The Catholic Church in France is collecting 20 million euros in compensation for victims of child sexual abuse

Catholic dioceses in France have raised 20 million euros ($ 22.6 million) to compensate thousands of victims of historic child sexual abuse by priests, the fund, which is responsible for raising the money, said on Tuesday.

Church officials have been under intense pressure to acknowledge and compensate the victims after a French investigation confirmed widespread abuse of minors by priests, deacons and lay members from the 1950s.

“This is a first step. The Church has followed its commitment,” Gilles Vermot-Desroches, president of the Selam Foundation, told AFP after its board meeting on Monday.

An initial € 5 million will be set aside for claims, which are being studied by an independent panel set up in the wake of the condemnatory abuse report released in October.

It found that 216,000 minors had been abused by priests in the past seven decades, a number that climbed to 330,000 when claims against lay people in the church were included, such as teachers at Catholic schools.

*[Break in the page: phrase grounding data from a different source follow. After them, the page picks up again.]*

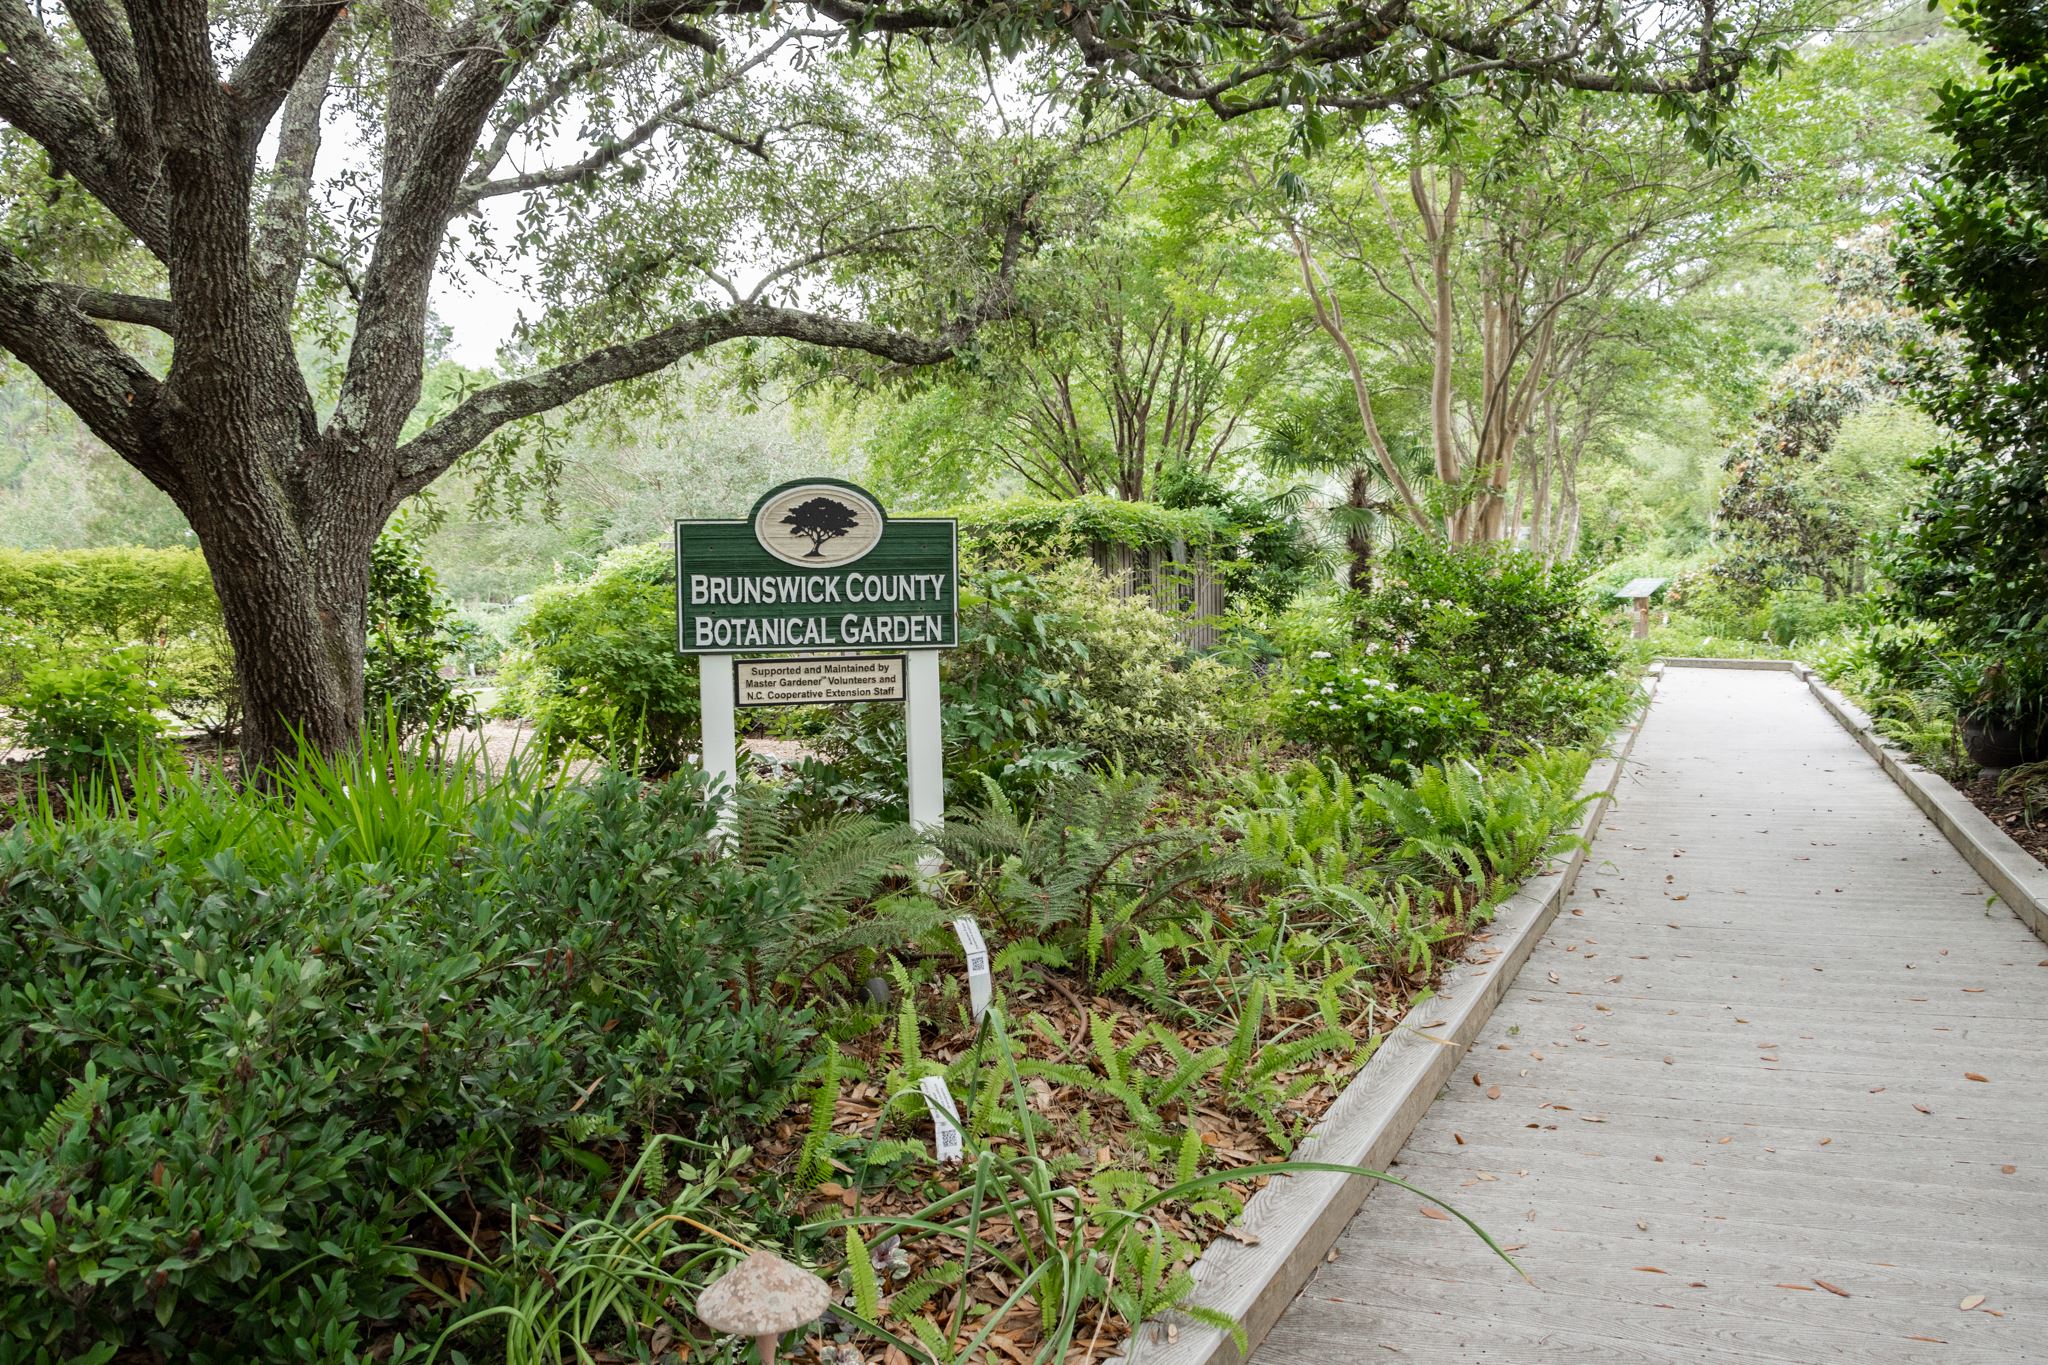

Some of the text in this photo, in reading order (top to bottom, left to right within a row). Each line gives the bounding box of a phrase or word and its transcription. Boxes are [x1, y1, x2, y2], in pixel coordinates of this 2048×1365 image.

[691, 572, 946, 605] BRUNSWICK COUNTY
[695, 613, 943, 646] BOTANICAL GARDEN
[751, 663, 890, 677] Supported and Maintained by
[745, 679, 777, 689] Master
[828, 676, 877, 685] Volunteers
[879, 674, 896, 683] and
[747, 686, 895, 701] N.C. Cooperative Extension Staff

The commission that produced the report condemned the “systemic nature” of efforts to protect priests from prosecution and called on the church to pay the victims with its own resources, instead of asking parishioners to contribute.

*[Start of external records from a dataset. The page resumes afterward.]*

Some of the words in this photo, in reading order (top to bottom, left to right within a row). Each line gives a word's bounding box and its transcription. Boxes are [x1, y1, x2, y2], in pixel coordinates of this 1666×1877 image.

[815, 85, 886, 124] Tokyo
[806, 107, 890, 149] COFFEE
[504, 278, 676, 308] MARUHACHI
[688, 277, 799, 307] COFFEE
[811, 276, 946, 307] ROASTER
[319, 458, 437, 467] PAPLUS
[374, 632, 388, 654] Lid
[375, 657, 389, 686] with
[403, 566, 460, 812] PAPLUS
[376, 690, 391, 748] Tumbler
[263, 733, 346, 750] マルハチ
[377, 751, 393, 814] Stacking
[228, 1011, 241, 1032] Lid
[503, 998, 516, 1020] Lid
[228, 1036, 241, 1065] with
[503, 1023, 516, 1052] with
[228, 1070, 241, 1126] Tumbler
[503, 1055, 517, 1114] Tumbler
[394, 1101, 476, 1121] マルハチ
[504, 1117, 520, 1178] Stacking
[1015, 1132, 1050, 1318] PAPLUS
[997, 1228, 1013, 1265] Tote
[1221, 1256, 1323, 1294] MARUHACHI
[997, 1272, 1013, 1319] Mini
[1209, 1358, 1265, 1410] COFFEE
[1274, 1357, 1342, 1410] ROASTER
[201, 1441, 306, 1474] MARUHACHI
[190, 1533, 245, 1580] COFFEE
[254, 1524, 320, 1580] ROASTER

Eric de Moulins-Beaufort, head of the French Bishops’ Conference (CEF), has said the church will sell real estate and use its financial holdings, and possibly take out a bank loan to raise the money.

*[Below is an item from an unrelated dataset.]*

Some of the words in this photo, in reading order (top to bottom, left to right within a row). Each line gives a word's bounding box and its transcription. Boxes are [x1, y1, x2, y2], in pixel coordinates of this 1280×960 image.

But it has also told parishioners that they can make donations to the fund.

Vermot-Desroches did not provide a detailed breakdown of the source of the initial € 20 million, but said the CEF, individual bishops and “the vast majority” of dioceses across France contributed.

Crime victim associations have demanded compensation payments that would cost the church tens of millions of euros.

Widespread cases of sexual abuse in the church around the world have become one of the biggest challenges for Pope Francis, who expressed his “shame” after the release of the French investigation.